Николай слушал, протирая очки, Софья смотрела, широко открыв свои огромные глаза и забывая курить угасавшую папиросу. Она сидела у пианино вполоборота к нему и порою тихо касалась клавиш тонкими пальцами правой руки. Аккорд осторожно вливался в речь матери, торопливо облекавшей чувства в простые, душевные слова.
— Я вот теперь смогу сказать кое-как про себя, про людей, потому что — стала понимать, могу сравнить. Раньше жила, — не с чем было сравнивать. В нашем быту — все живут одинаково. А теперь вижу, как другие живут, вспоминаю, как сама жила, и — горько, тяжело!
Она понизила голос, продолжая:
— Может быть, я что-нибудь и не так говорю и не нужно этого говорить, потому что вы сами всё знаете…
Слезы зазвенели в ее голосе, и, глядя на них с улыбкой в глазах, она сказала:
— А хочется мне сердце открыть перед вами, чтобы видели вы, как я желаю вам доброго, хорошего!
— Мы это видим! — тихо сказал Николай.
Она не могла насытить свое желание и снова говорила им то, что было ново для нее и казалось ей неоценимо важным. Стала рассказывать о своей жизни в обидах и терпеливом страдании, рассказывала беззлобно, с усмешкой сожаления на губах, развертывая серый свиток печальных дней, перечисляя побои мужа, и сама поражалась ничтожностью поводов к этим побоям, сама удивлялась своему неумению отклонить их…
Они слушали ее молча, подавленные глубоким смыслом простой истории человека, которого считали скотом и который сам долго и безропотно чувствовал себя тем, за кого его считали. Казалось, тысячи жизней говорят ее устами; обыденно и просто было все, чем она жила, но — так просто и обычно жило бесчисленное множество людей на земле, и ее история принимала значение символа. Николай поставил локти на стол, положил голову на ладони и не двигался, глядя на нее через очки напряженно прищуренными глазами. Софья откинулась на спинку стула и порой вздрагивала, отрицательно покачивая головой. Лицо ее стало еще более худым и бледным, она не курила.

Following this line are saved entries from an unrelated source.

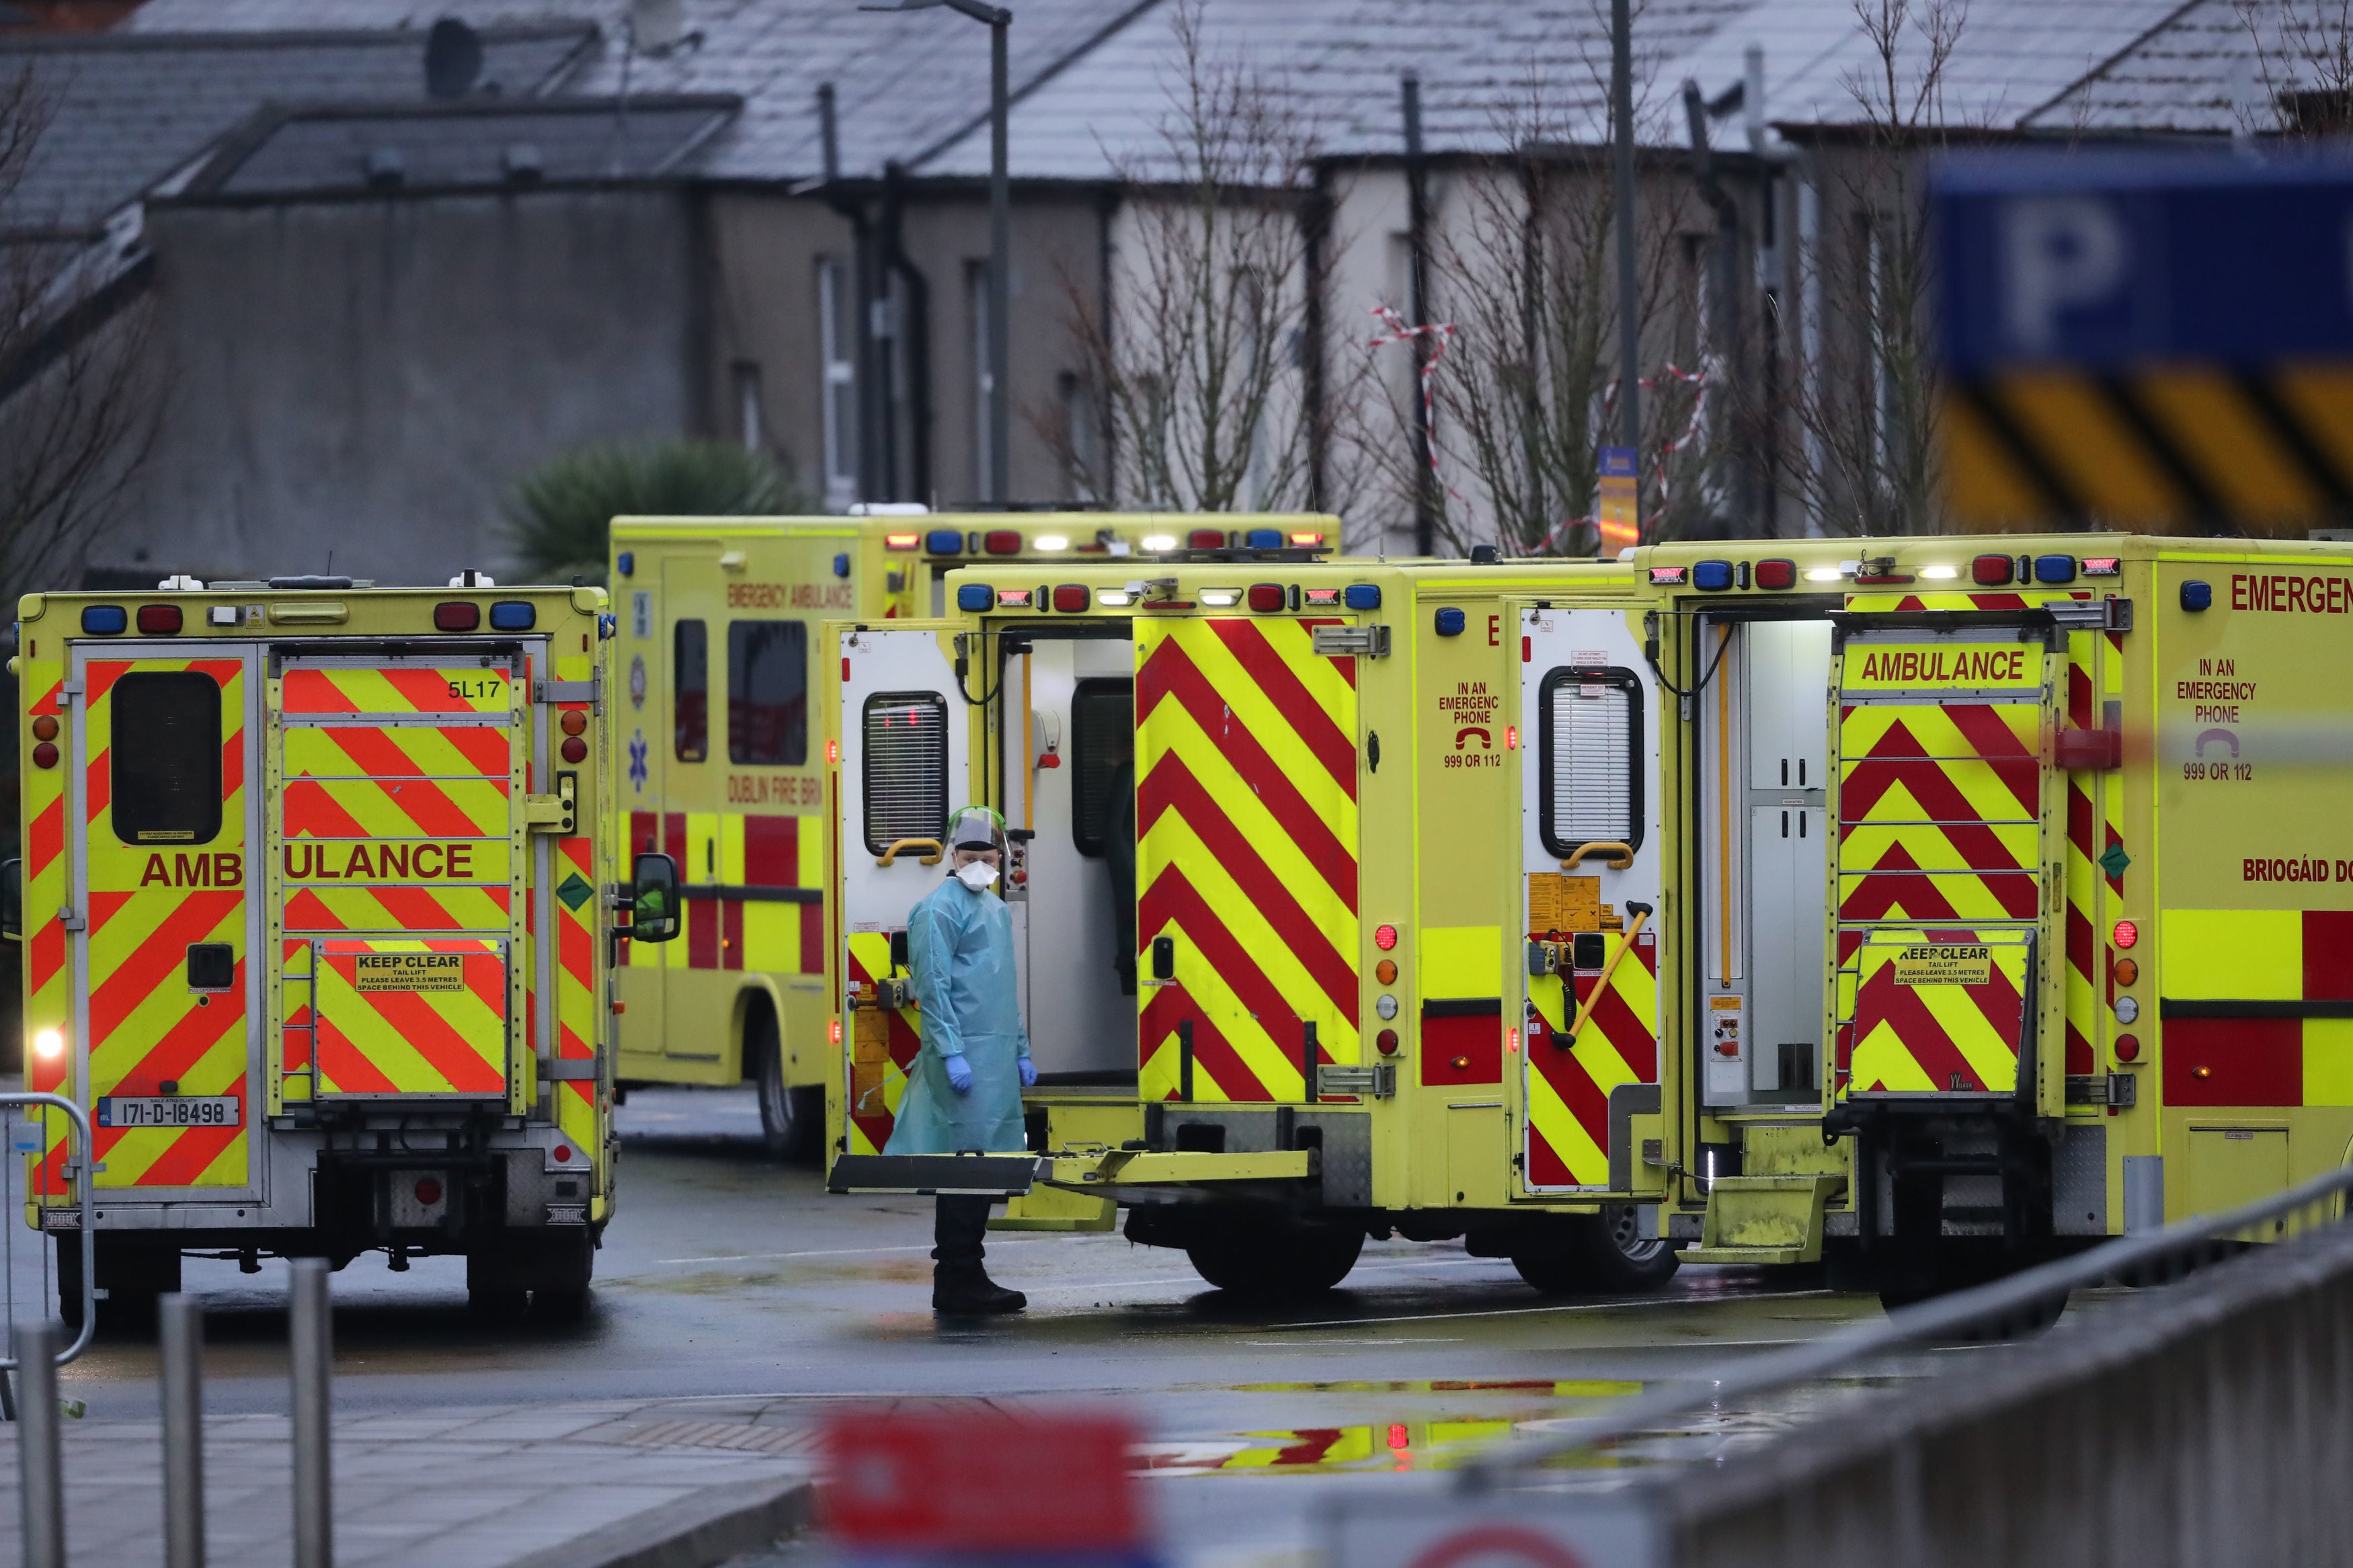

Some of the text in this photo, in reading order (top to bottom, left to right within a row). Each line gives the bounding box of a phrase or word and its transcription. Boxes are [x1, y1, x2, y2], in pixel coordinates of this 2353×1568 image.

[2003, 196, 2124, 347] P
[728, 583, 852, 609] EMERGENCY AMBULANCE
[1862, 651, 2024, 681] AMBULANCE
[2200, 659, 2234, 676] IN AN
[448, 681, 500, 698] 5L17
[1458, 682, 1486, 695] IN AN
[2178, 682, 2256, 700] EMERGENCY
[1439, 696, 1500, 710] EMERGENC
[1454, 711, 1490, 724] PHONE
[2196, 705, 2239, 723] PHONE
[1444, 754, 1500, 768] 999 OR 112
[2184, 762, 2251, 780] 999 OR 112
[729, 775, 768, 803] DUBLIN
[772, 776, 797, 804] FIRE
[140, 843, 473, 887] AMB ULANCE
[2243, 854, 2329, 882] BRIOGÁID
[359, 956, 460, 968] KEEP CLEAR
[1940, 948, 1988, 959] CLEAR
[123, 1103, 225, 1124] 171-D-18498
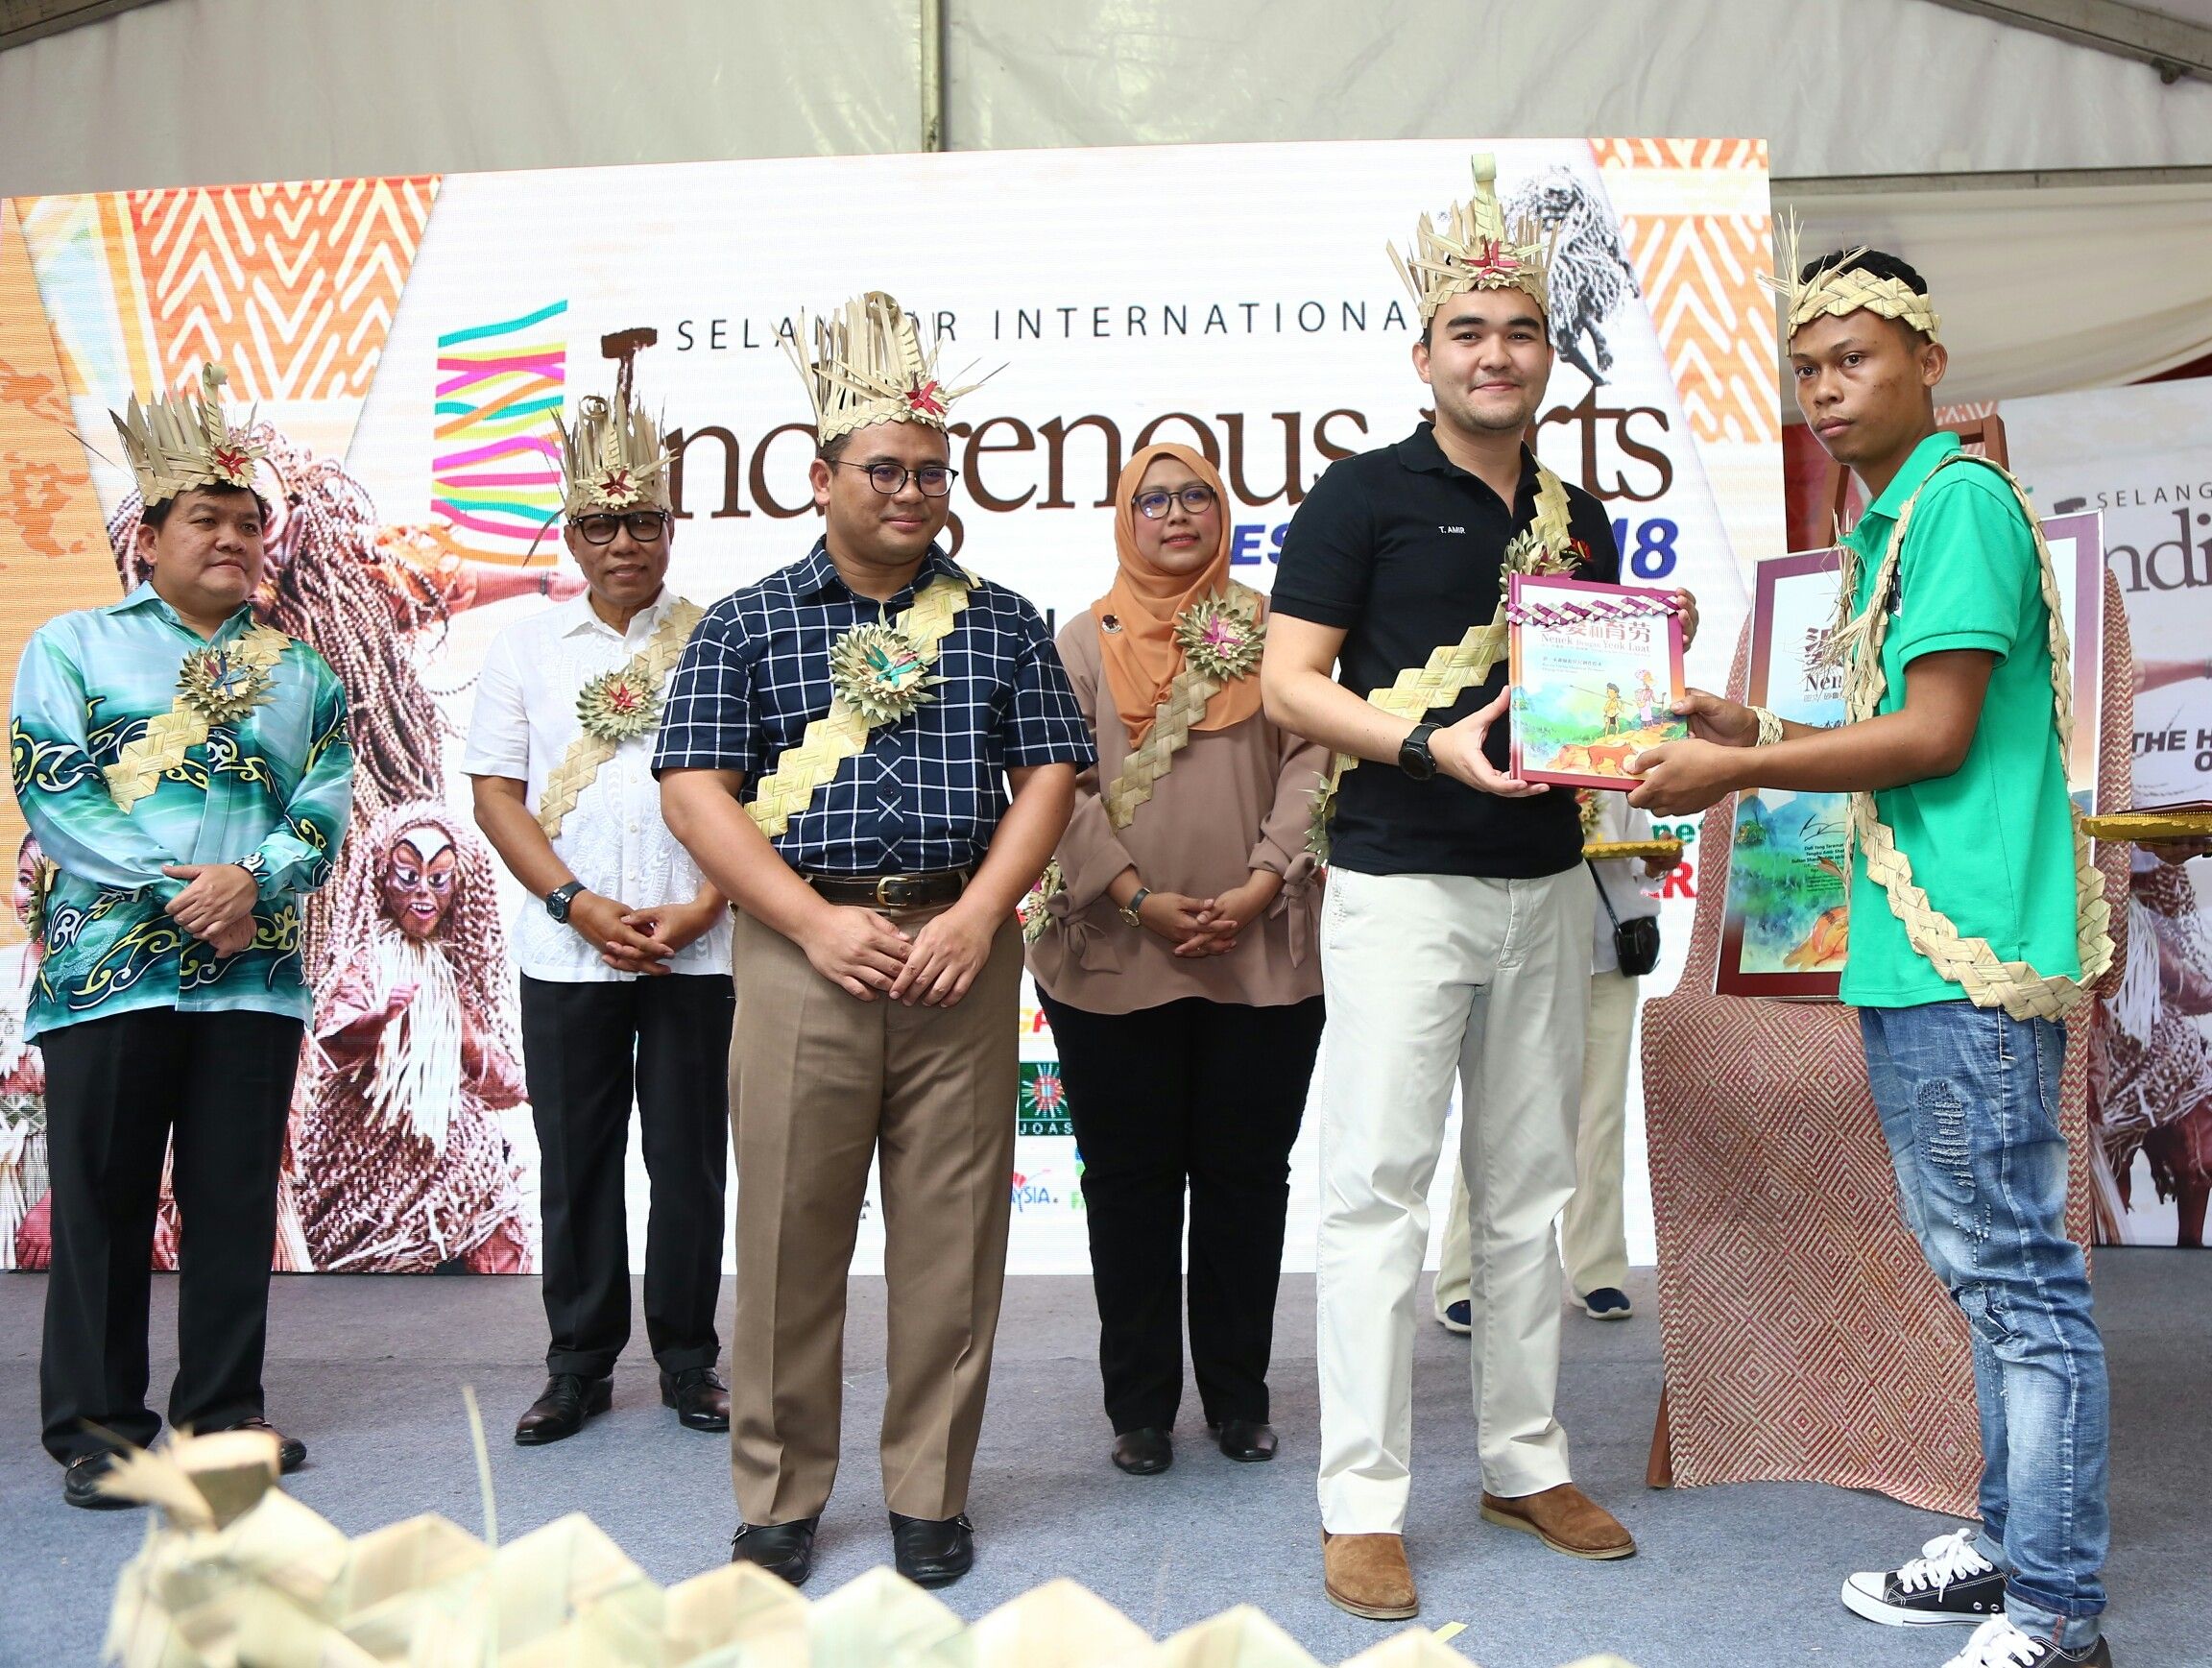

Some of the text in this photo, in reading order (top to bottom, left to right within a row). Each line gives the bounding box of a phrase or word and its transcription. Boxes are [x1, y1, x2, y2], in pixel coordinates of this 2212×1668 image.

[2104, 507, 2212, 594] ndi
[2132, 730, 2188, 753] THE
[1020, 1122, 1073, 1135] JOAS

— Однажды я сочла себя несчастной, мне показалось, что жизнь моя — лихорадка, — тихо заговорила она, опуская голову. — Это было в ссылке. Маленький уездный городишко, делать нечего, думать не о чем, кроме себя. Я складывала все мои несчастия и взвешивала их от нечего делать: вот — поссорилась с отцом, которого любила, прогнали из гимназии и оскорбили, тюрьма, предательство товарища, который был близок мне, арест мужа, опять тюрьма и ссылка, смерть мужа. И мне тогда казалось, что самый несчастный человек — это я. Но все мои несчастия — и в десять раз больше — не стоят месяца вашей жизни, Пелагея Ниловна… Это ежедневное истязание в продолжение годов… Где люди черпают силу страдать?